Okay.
I've name changed because I expect wrath.and rightfully so.
DC1 has always been,umm, high need.
DC2 has always been an 'easy' child.
This is very evident in their behaviour and always has been.
When DC1 was born I was very ill,I didn't know it but I was,I had PND and psychosis,I wasn't diagnosed until 3 and a half years later,just after DC2 was born.
For those first months I did favour DC2,I was pretty obvious with it looking back.
I can't explain it really,I didn't know how to cope with the feelings I had.
They were terrible,terrible feelings and they make me feel such a raging guilt now when I think of them.
If someone had pointed it out I would have been horrified,But I also would have been much more likely to seek help sooner.
If someone pointed out how wonderful my DC1 was and told me what it would be doing to her....or even just telling me what I was actually saying to her...and how often...that is was bad enough they had noticed...I don't think I really knew...
DC1 and I have spent the last 2 years rebuilding our relationship,it's been hard,very hard on her,but she is a very strong and resilient child and luckily for her she had her wonderful dad and Gp's around who kept her confidence boosted.

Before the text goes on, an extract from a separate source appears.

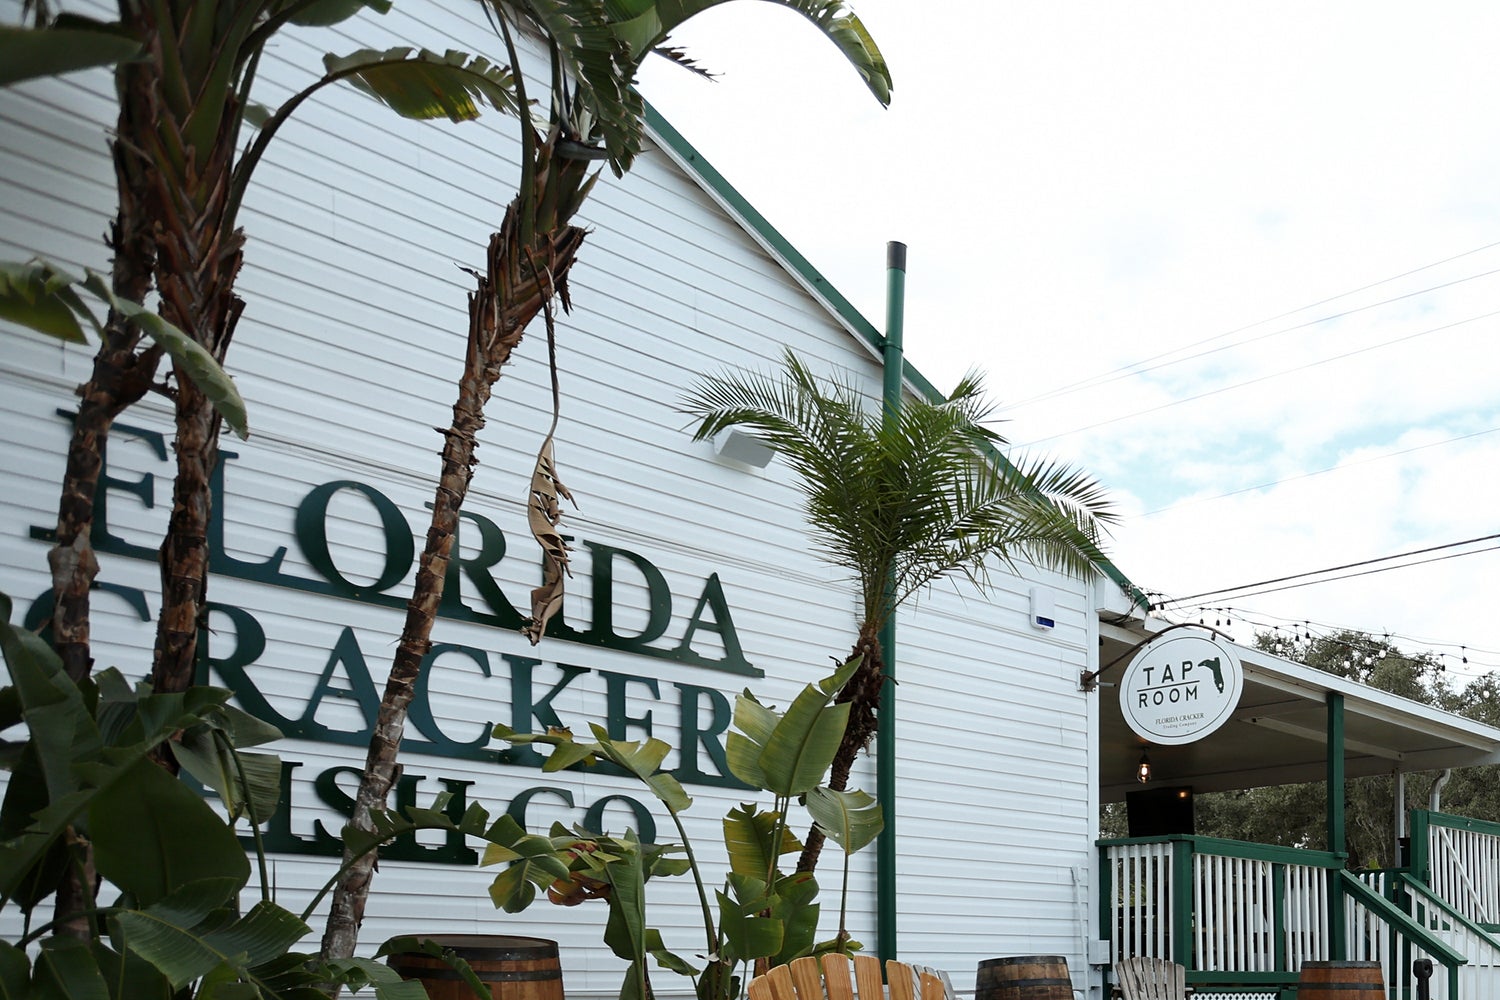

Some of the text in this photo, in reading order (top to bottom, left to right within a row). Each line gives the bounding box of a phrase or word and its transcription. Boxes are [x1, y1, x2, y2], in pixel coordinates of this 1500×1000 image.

[1143, 660, 1193, 686] TAP
[1138, 686, 1198, 708] ROOM
[1155, 712, 1205, 725] FLORIDA CRACKER

The hardest thing was accepting how I'd been to her for all that time.
What I'm trying to say,I suppose,is if you can let this woman know,gently,what she is doing,it may turn her and her DC's life around completely. I expect she'll be hugely embarrassed and shocked,but it sounds much worse than the situation we were in and they both need someone to say something.
I wish someone had said something to me.